## EXERCISE REQUIREMENTS
All entries should be printed precisely as written.
(Beginning of DATA RECORDS)
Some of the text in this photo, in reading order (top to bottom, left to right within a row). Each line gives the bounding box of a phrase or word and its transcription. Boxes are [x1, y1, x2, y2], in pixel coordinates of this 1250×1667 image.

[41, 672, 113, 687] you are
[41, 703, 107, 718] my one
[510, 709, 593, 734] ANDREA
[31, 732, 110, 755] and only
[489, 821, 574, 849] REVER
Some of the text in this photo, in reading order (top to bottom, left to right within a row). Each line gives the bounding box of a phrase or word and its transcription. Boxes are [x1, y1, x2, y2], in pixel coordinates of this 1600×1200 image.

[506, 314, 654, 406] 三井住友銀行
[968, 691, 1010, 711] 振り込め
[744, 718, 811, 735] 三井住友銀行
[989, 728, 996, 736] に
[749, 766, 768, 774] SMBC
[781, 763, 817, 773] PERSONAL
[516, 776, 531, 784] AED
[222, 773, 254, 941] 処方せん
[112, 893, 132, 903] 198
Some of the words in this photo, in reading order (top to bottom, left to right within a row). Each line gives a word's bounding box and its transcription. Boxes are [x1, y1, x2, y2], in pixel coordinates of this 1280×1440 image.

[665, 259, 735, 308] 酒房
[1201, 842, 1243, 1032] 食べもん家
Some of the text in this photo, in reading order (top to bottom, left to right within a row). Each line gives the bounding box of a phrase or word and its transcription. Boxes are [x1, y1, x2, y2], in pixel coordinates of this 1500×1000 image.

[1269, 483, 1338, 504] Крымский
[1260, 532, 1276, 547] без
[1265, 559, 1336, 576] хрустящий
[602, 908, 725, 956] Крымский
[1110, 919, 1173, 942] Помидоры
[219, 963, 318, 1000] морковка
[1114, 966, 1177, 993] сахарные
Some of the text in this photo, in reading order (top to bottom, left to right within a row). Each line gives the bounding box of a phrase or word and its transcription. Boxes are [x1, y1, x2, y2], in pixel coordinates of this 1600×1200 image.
(End of DATA RECORDS)
## EXERCISE RESPONSE
Some of the text in this photo, in reading order (top to bottom, left to right within a row). Each line gives the bounding box of a phrase or word and its transcription. Boxes are [x1, y1, x2, y2], in pixel coordinates of this 1250×1667 image.

[41, 672, 113, 687] you are
[41, 703, 107, 718] my one
[510, 709, 593, 734] ANDREA
[31, 732, 110, 755] and only
[489, 821, 574, 849] REVER
Some of the text in this photo, in reading order (top to bottom, left to right within a row). Each line gives the bounding box of a phrase or word and its transcription. Boxes are [x1, y1, x2, y2], in pixel coordinates of this 1600×1200 image.

[506, 314, 654, 406] 三井住友銀行
[968, 691, 1010, 711] 振り込め
[744, 718, 811, 735] 三井住友銀行
[989, 728, 996, 736] に
[749, 766, 768, 774] SMBC
[781, 763, 817, 773] PERSONAL
[516, 776, 531, 784] AED
[222, 773, 254, 941] 処方せん
[112, 893, 132, 903] 198
Some of the words in this photo, in reading order (top to bottom, left to right within a row). Each line gives a word's bounding box and its transcription. Boxes are [x1, y1, x2, y2], in pixel coordinates of this 1280×1440 image.

[665, 259, 735, 308] 酒房
[1201, 842, 1243, 1032] 食べもん家
Some of the text in this photo, in reading order (top to bottom, left to right within a row). Each line gives the bounding box of a phrase or word and its transcription. Boxes are [x1, y1, x2, y2], in pixel coordinates of this 1500×1000 image.

[1269, 483, 1338, 504] Крымский
[1260, 532, 1276, 547] без
[1265, 559, 1336, 576] хрустящий
[602, 908, 725, 956] Крымский
[1110, 919, 1173, 942] Помидоры
[219, 963, 318, 1000] морковка
[1114, 966, 1177, 993] сахарные
Some of the text in this photo, in reading order (top to bottom, left to right within a row). Each line gives the bounding box of a phrase or word and its transcription. Boxes are [x1, y1, x2, y2], in pixel coordinates of this 1600×1200 image.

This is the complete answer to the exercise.